Bom, consegui finalmente tirar mais umas fotos (a minha máquina decidiu que hoje era um bom dia para me gozar, o flash e as pilhas decidiram colaborar e a coisa ficou complicada...).
Antes de mais, a base. É um quadrado, com cerca de 10x10 com, que um amigo, Valente, me deu. Estava um bocado danificada nos lados, por isso entretive-me a dar-lhe uma lixadela e a pintar-lhe os lados com X-1 (preto brilhante), para ficar com uma superfície mais lisa. Uma camadinha de Future, só para selar, vai deixá-la como nova!
Como pavimento escolhi uma estrada de paralelos, da MiG Productions. Era para ser a estrada de tijolos amarelos, mas o Homem de Lata disse que não queria participar nisso. Bolas!
Como podem ver, esta estrada já estava adiantada.

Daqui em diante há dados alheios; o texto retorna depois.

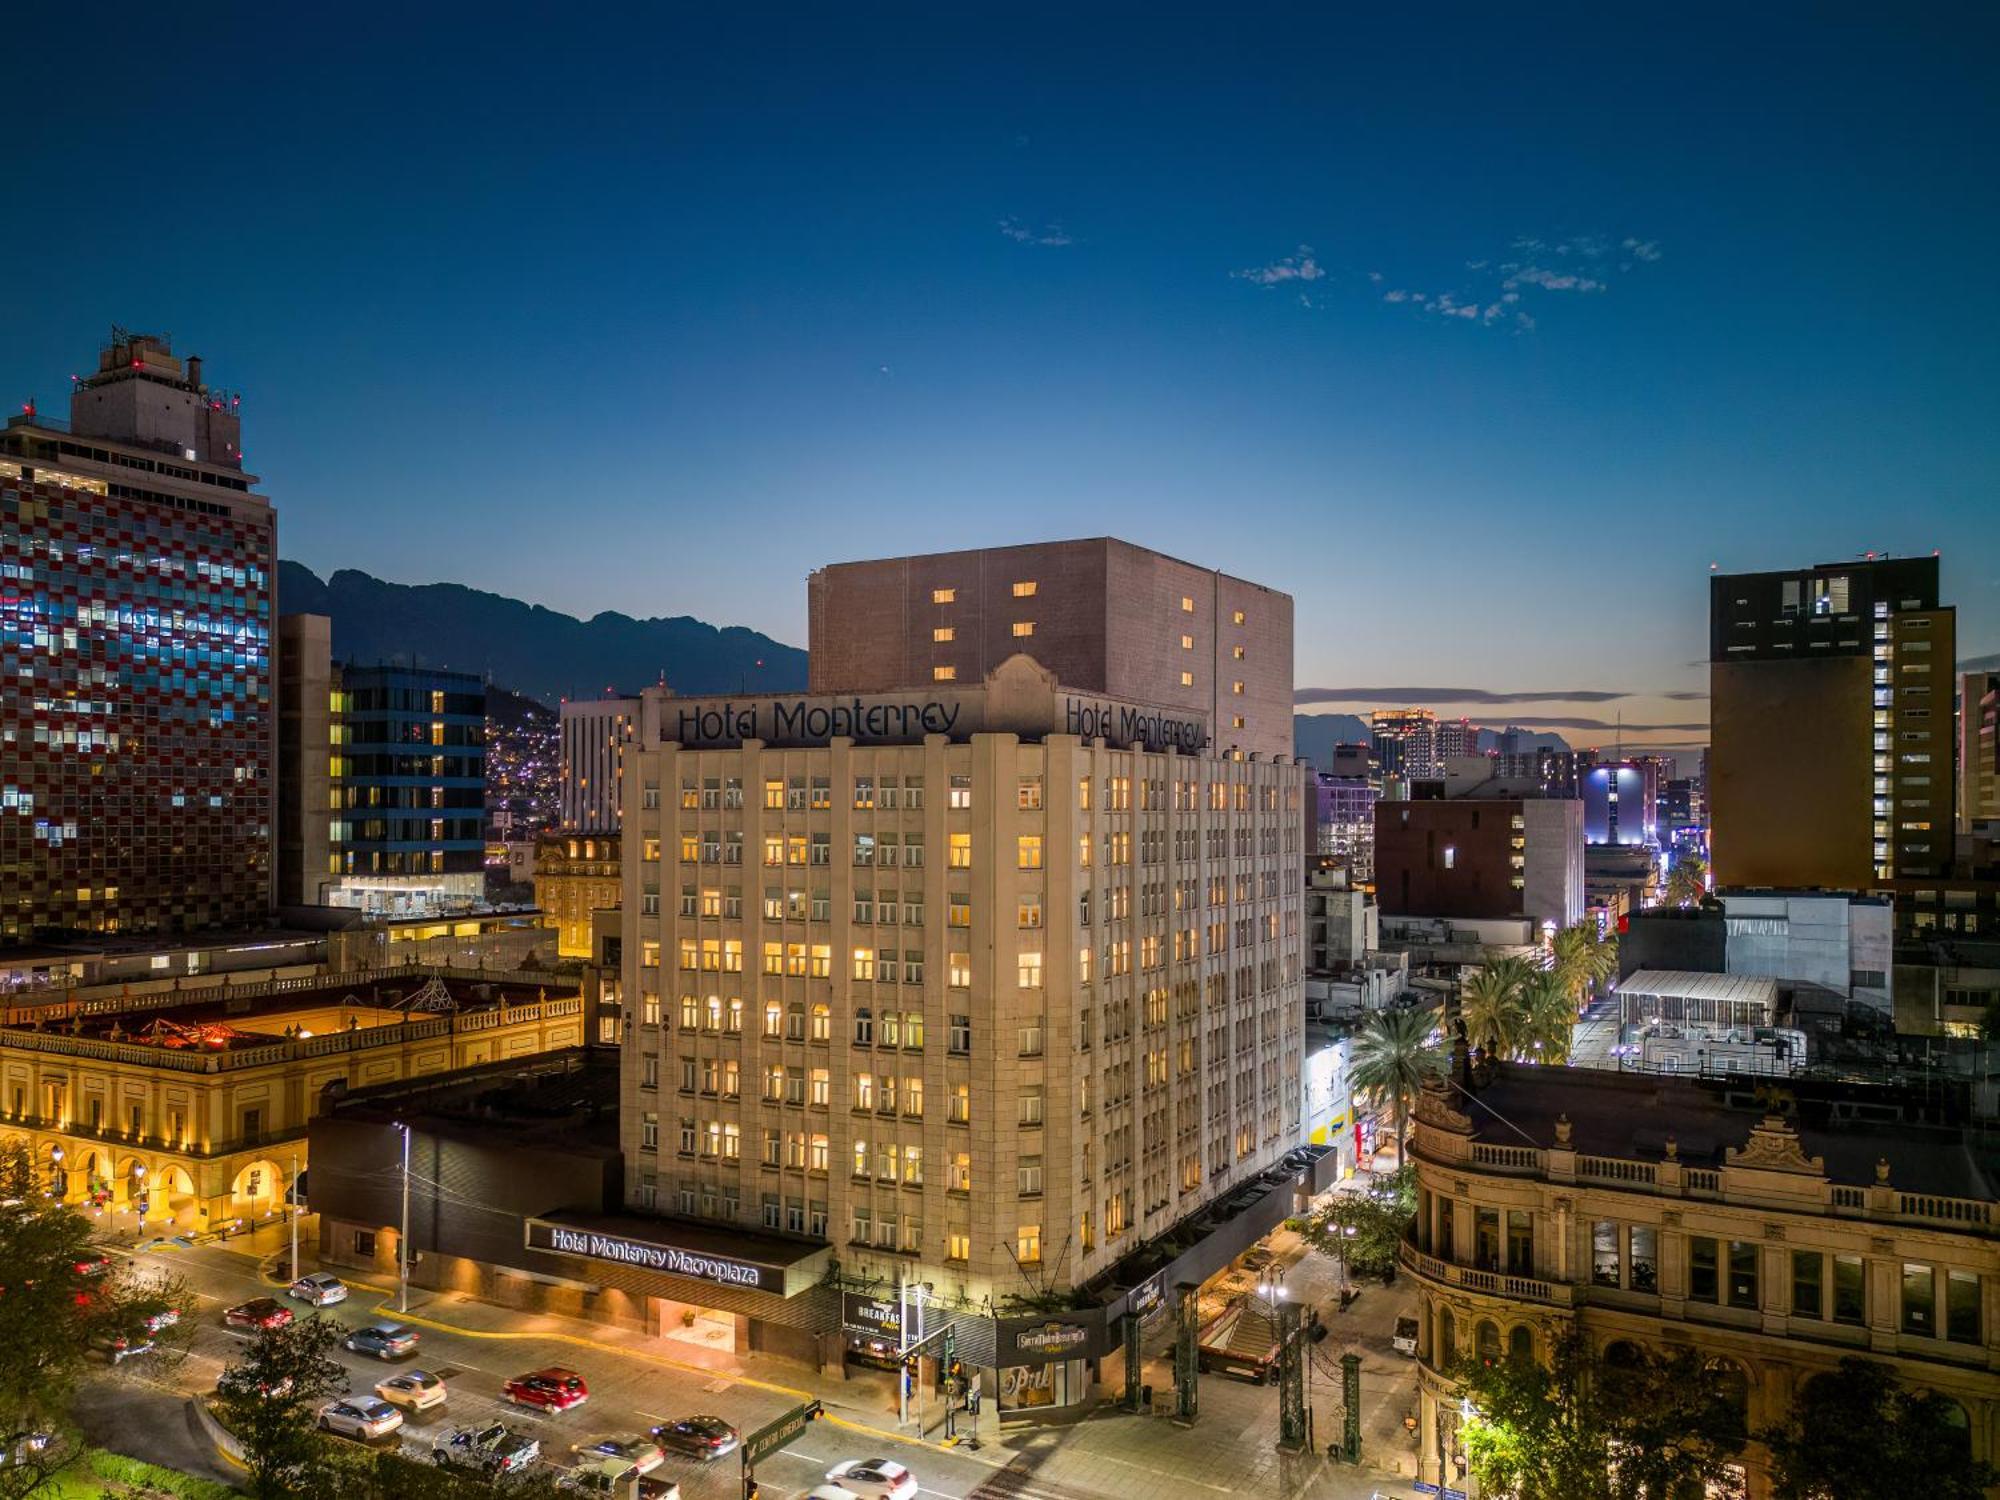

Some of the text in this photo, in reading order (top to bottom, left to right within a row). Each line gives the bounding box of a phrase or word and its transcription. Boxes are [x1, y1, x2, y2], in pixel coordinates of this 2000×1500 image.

[679, 698, 960, 741] Hotel Monterrey
[1067, 697, 1200, 748] Hotel Monterrey
[551, 1229, 759, 1286] Hotel Monterrey Macroplaza
[858, 1306, 901, 1325] BREAKFAS
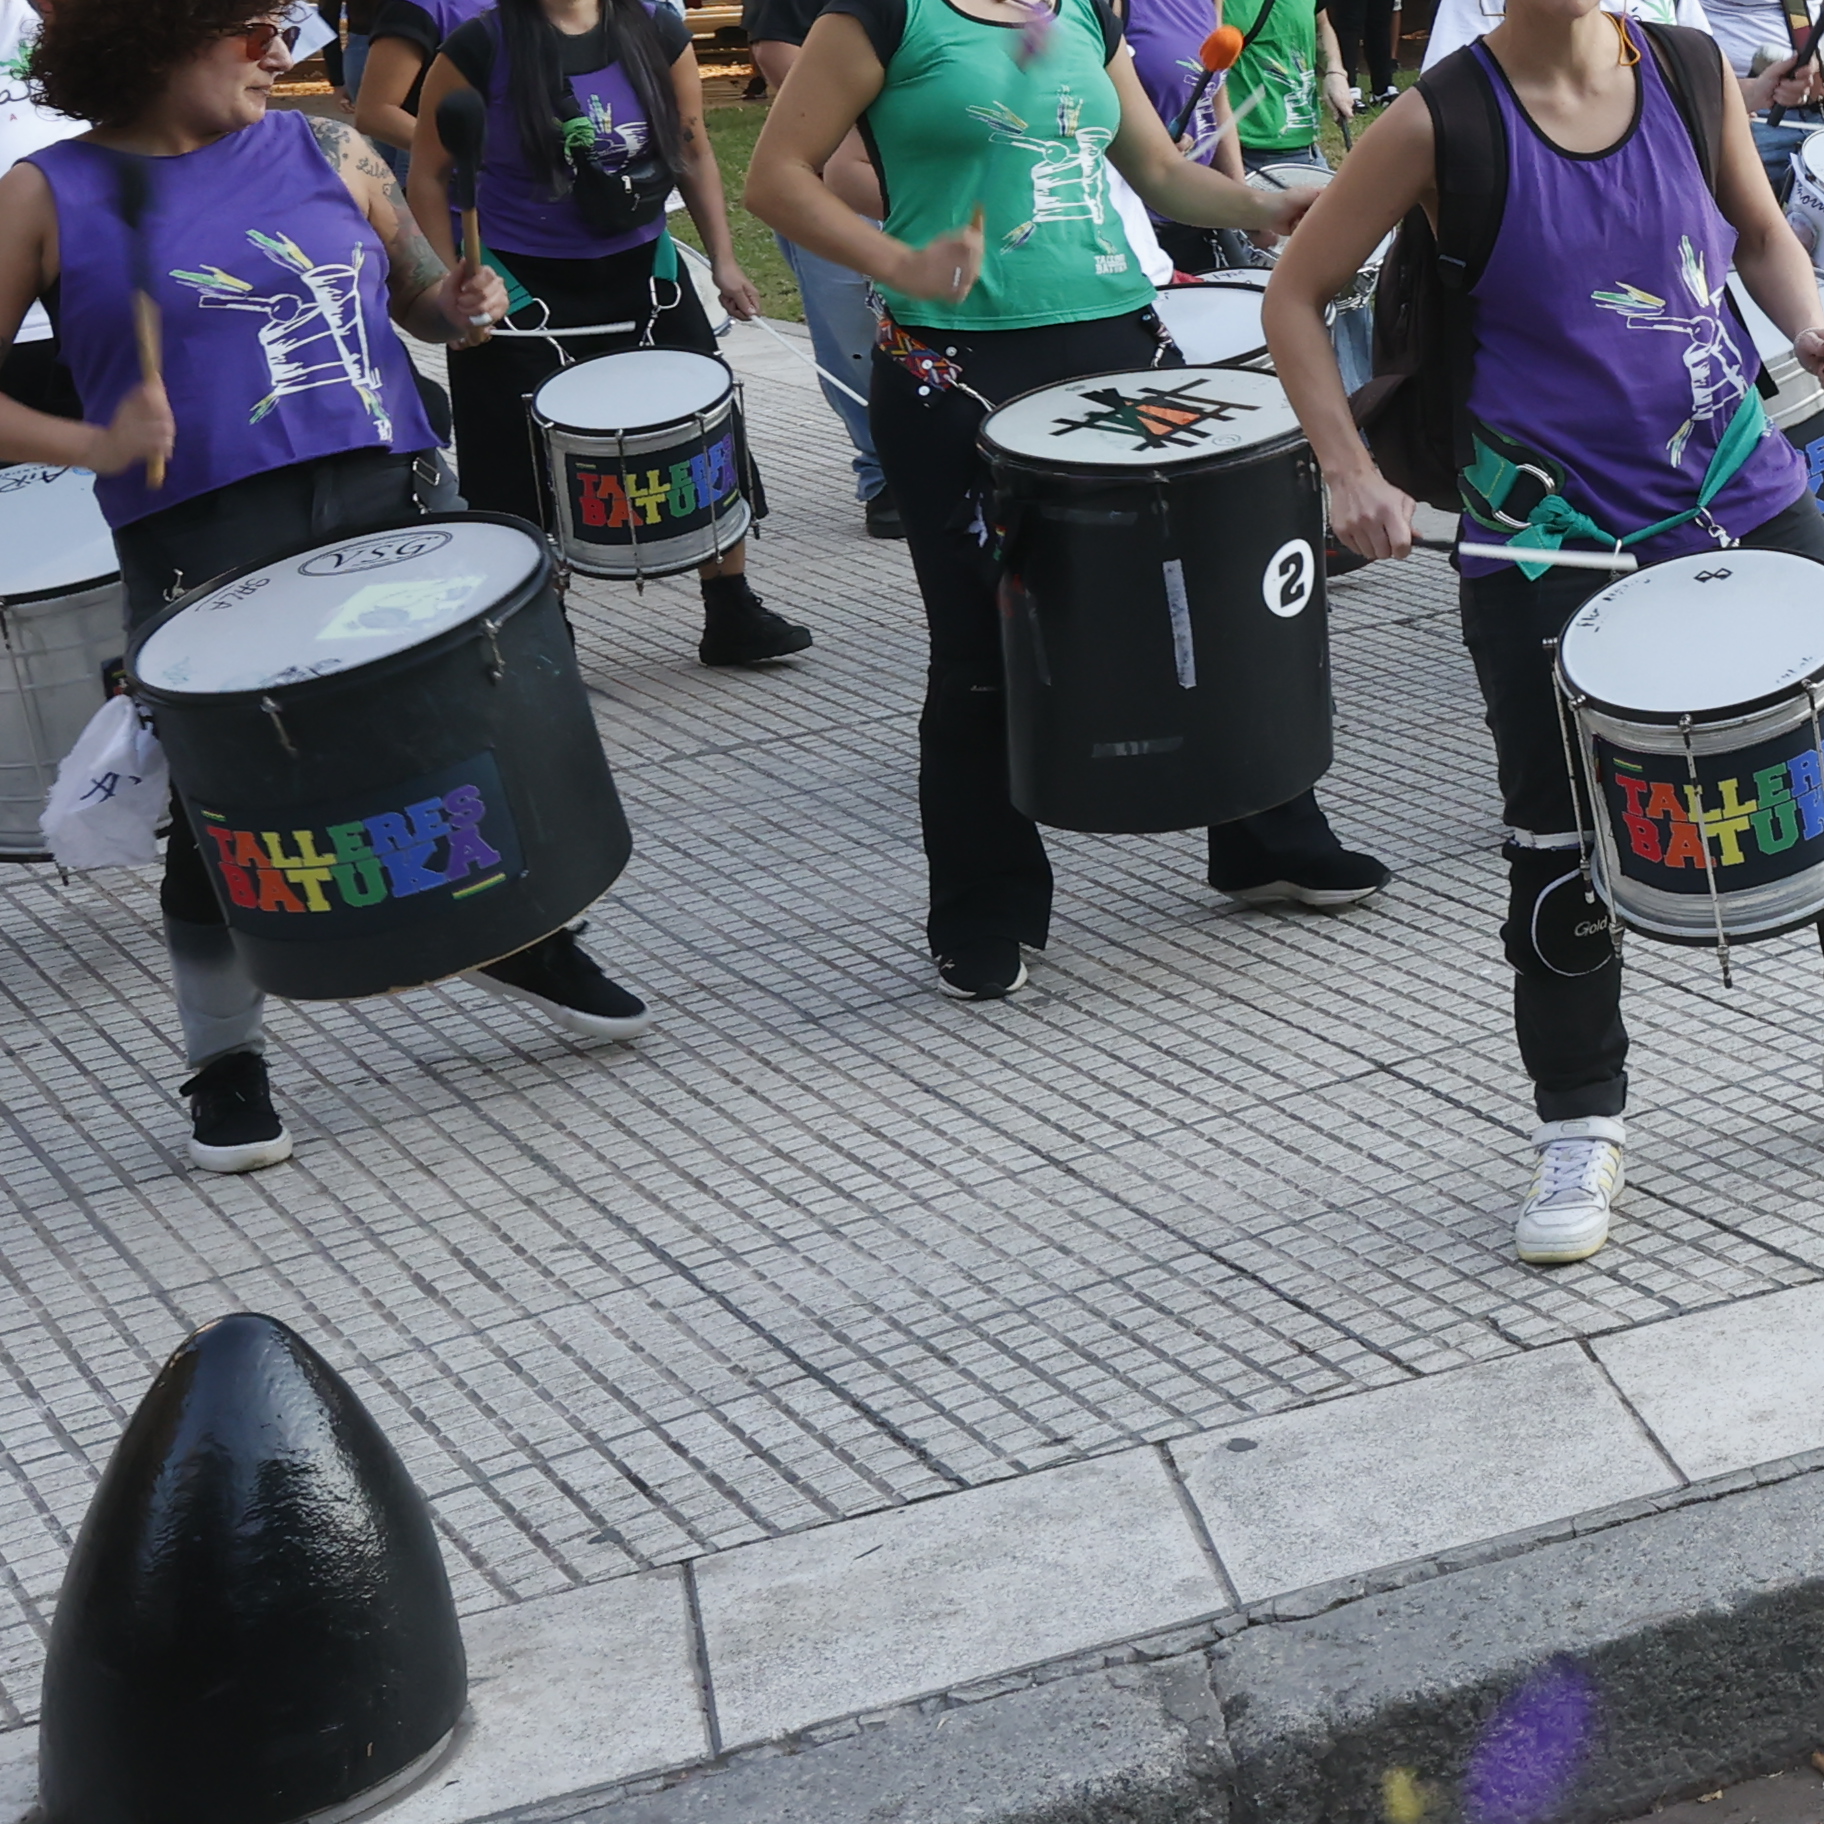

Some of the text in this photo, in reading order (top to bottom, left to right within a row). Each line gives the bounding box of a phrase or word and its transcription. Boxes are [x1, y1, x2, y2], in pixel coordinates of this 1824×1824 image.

[576, 432, 733, 500] TALLERES
[579, 458, 738, 528] BATUKA
[1278, 551, 1306, 609] 2
[205, 784, 487, 870] TALLERES
[217, 826, 502, 913] BATUKA
[1574, 915, 1608, 937] Gold

De facto, no verdadeiro espírito do "Esta gaita está atrasada! Tenho que me despachar!!", fui buscar coisas já começadas para desenrascar. Até este ponto aquilo que tinha sido feito era pintar, se não me engano com XF-49 (Khaki), para dar uma base para os paralelos e encher de uma cor plausível os espaços entre eles. A seguir, pincel seco com 9 (Antracite) da Revell, e ficou com o aspecto que se vê na foto. Foi nesta altura que a desenterrei da caixa onde a tinha enfiado, peguei em dois pincéis com as pontas cortadas e no pigmento Europe Dust e, dez minutos depois, o efeito geral era este:
Estas técnicas não são novas; limitei-me a imitar, em grande estilo, o que fez o editor da Military in Scale, Spencer Pollard, há uns meses atrás. Palmas para o homem e para a revista, uma verdadeira escola de bom modelismo e de boa atitude!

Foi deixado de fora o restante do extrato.